Eyes wide shut
by Emran Qureshi
Samantha Power, A Problem from Hell: America and the age of genocide, Basic Books, New York 2002
The past century is reckoned by many historians to have been a particularly grim and bloody one in the annals of humankind. Samantha Power, a young journalist who covered the Bosnian war for US News and World Report and The Economist, and who is now executive director of the Carr Center for Human Rights at Harvard University, undertakes an examination of the genocidal impulse in the 20th century and the largely ignoble responses to it by the United States.
Power begins by calling attention to the Holocaust and the lonely and visionary quest of Raphael Lemkin, a Polish Jew, who, from 1933 to 1948, fought for the enactment of international laws to deal with genocide. Put simply, Hitler could murder every Jew in Germany but, shockingly, violate no international law. In those days, there were no international statutes that dealt with these crimes.
Lemkin, whose family perished at the hands of the Nazis, coined the term ‘genocide’. A linguist and a lawyer, he understood that vocabulary mattered. His word was a hybrid of the Greek derivative for race, ‘geno’, and the Latin derivative for killing, ‘cide’. Bravely walking the corridors of power in New York, Nuremberg, Geneva and Washington, Lemkin proselytized, in an attempt to obtain converts to a new idea, namely, that perpetrators of genocide should be brought to justice.
Because of his lobbying efforts, the third count of the Nuremberg indictments of October, 1945,used that new word. For Lemkin, that wasn't enough. Exhausted, he returned to New York to lobby the United Nations, where he helped prepare the first draft of the UN genocide convention. On 9 December 1948 the UN approved a law banning genocide.
Power tells Lemkin's story, then tracks the genocides of the 20th century in their various shapes and forms, from the Armenian genocide at the bloodstained hands of the Young Turks to the carnage in Rwanda. She ambitiously examines the Holocaust and the genocides in Cambodia, Iraq, Bosnia and Kosovo. And, against each genocidal moment, she surveys the response of the United States and finds much wanting. In the case of Iraq and its Kurdish minority, it was realpolitik. In Bosnia, a form of pessimistic conservatism congealed, denying that there was a moral imperative to intervene. In all cases, countless lives could have been saved, Power argues, had the United States intervened in a more robust and timely manner.

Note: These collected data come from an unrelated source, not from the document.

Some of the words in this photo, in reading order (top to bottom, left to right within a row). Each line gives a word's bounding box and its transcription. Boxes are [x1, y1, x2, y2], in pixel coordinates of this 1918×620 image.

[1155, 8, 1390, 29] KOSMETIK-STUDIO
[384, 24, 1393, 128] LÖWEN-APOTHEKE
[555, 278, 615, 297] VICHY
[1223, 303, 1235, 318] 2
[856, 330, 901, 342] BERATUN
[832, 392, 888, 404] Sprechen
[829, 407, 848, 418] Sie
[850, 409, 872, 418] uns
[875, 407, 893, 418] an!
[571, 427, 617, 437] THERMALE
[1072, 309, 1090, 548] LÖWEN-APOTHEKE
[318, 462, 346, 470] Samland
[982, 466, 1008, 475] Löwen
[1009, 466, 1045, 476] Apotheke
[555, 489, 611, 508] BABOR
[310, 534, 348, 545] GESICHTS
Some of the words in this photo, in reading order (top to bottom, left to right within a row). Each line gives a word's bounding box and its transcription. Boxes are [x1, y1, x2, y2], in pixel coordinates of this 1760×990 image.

Her description of Saddam Hussein's treatment of the Kurds is illustrative. In 1988, during the Iran-Iraq war, Iraq began to slaughter its restive Kurdish minority. Unfortunately for the Kurds, the Americans had tilted toward Iraq against Iran. Thus, when Saddam Hussein used poison mustard gas to decimate the Kurds, there was little protest from the US government. Halabja, the site of one notorious gassing, became known as the Kurdish Hiroshima. Instead of expressing outrage, the US State Department suggested these were unconfirmed allegations. Indeed, at the time, US farm credits were being provided to Saddam Hussein's regime.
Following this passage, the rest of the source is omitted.